Unterschleißheim - Kampfsport, Alkohol und eine unausgereifte Persönlichkeit: Auf dem Heimweg von der Wiesn 2013 hatte ein heute 20-jähriger Echinger einen Fahrgast der S1 brutal verprügelt. Jetzt musste er sich wegen gefährlicher Körperverletzung vor Gericht verantworten.

Rund ein Jahr lang war es ihm gelungen, unterzutauchen. Inzwischen verbüßt er wegen früher Gewalttaten eine Haftstrafe von drei Jahren und vier Monaten. Polizisten eskortierten ihn aus der Justizvollzugsanstalt Ebrach in Oberfranken nach Freising. Der 20-Jährige ist dem Gericht durchaus bekannt. Er habe vorher gewusst, dass der Angeklagte einen vernüftigen Eindruck hinterlassen werde, sagte Richter Boris Schätz - und verurteilte ihn. Die Haftstrafe, die er derzeit verbüßt, wird um sechs Monate auf vier Jahre aufgestockt.

Besonders viel Gelegenheit, frühere Straftaten zu diskutieren, bekam der Angeklagte nicht. Aus den Akten freilich ist bekannt, dass er nicht lange fackelte. Er beleidigte, schlug und biss Polizisten. Wenn ihm danach war, eine Zigarette zu rauchen, nahm er sich, wonach ihm verlangte. Als ihm ein Mann einmal eine Zigarette verweigerte, prügelte er ihn nieder, riss ihm den angerauchten Glimmstengel aus dem Mund. Alkoholisiert kannte er keine Hemmungen.

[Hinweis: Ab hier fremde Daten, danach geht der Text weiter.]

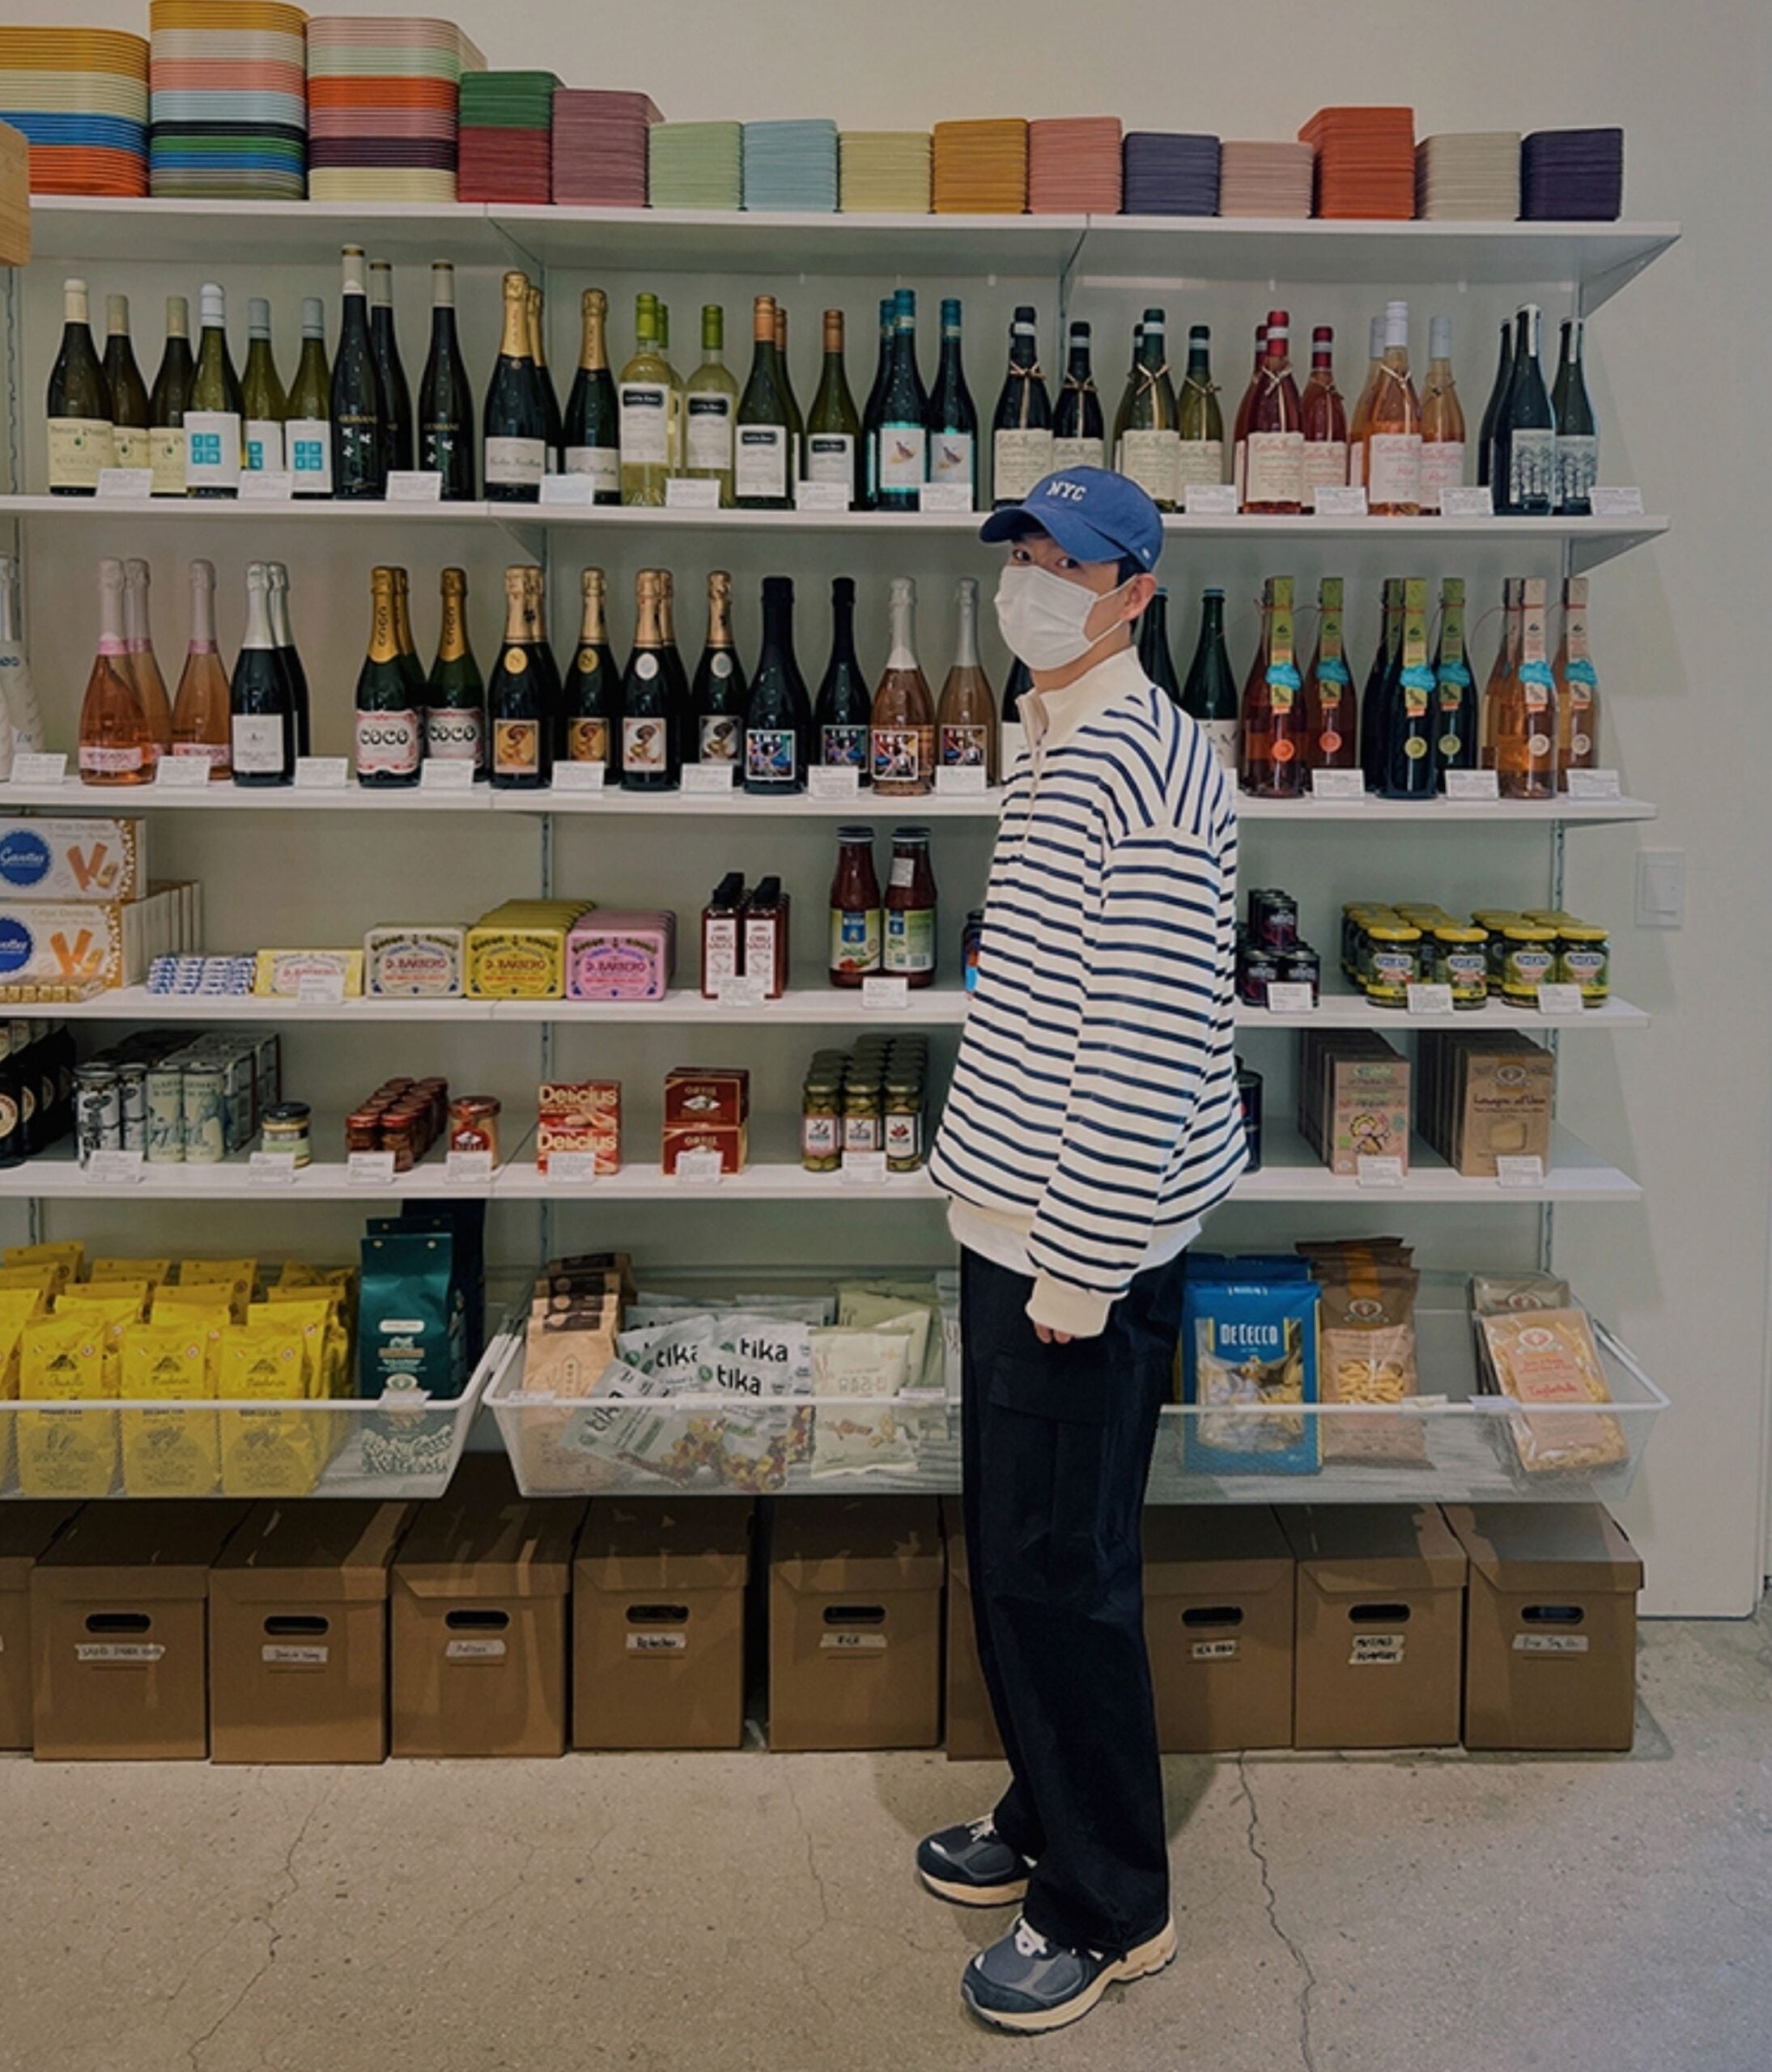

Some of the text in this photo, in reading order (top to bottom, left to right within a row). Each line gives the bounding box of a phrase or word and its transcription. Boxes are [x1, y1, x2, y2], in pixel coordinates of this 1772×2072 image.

An dem Mann, dem er im Oktober 2013 in der S1 begegnete, missfielen ihm dessen Tätowierungen. Er nannte ihn Knastbruder, verhöhnte ihn. Der Angegriffene wehrte sich, schlug als erster zu. Wahrscheinlich aber hatte der Echinger es genau so gewollt. Bilder von der Überwachungskamera am S-Bahnhof zeigen, wie er auf sein Opfer eindrosch, ihm auf den Bahnsteig in Lohhof folgte, wohin der Angegriffene zu fliehen versuchte. Der Echinger hatte 1,8 Promille Alkohol im Blut. Vor Gericht zeigte sich jetzt ein ganz anderes Bild: Die erfahrene Mitarbeiterin der Jugendgerichtshilfe bescheinigte dem Angeklagten eine 180-Grad-Wende. In der Haft beteilige er sich am Sucht-Programm, lasse sich zum Facharbeiter ausbilden. Sogar verlobt sei er. Vater und Verlobte verfolgten den Prozess im Publikum.

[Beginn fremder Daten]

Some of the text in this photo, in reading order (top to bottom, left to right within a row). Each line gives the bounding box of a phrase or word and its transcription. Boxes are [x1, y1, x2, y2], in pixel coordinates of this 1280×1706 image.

Vor der Urteilsverkündung sagte der 20-Jährige, wie sehr ihm leid tue, was er seinem Opfer angetan hat. Ausdrücklich bedauerte er, dass der Geschädigte nicht zum Prozess erschien. Er hätte sich gerne bei ihm entschuldigt. Richter Schätz fiel es nicht leicht, es bei der Mindeststrafe von sechs Monaten zu belassen. Die Worte der Jugendgerichtshelferin überzeugten ihn aber offensichtlich. Dennoch warnte er ihn. Noch eine Gewalttat und der 20-Jährige müsse mit einem Prozess vor dem Landgericht und Urteilen ab vier Jahren aufwärts rechnen. „Gerade in Verbindung mit Kampfsport ist irgendwann einer tot“, sagte der Richter.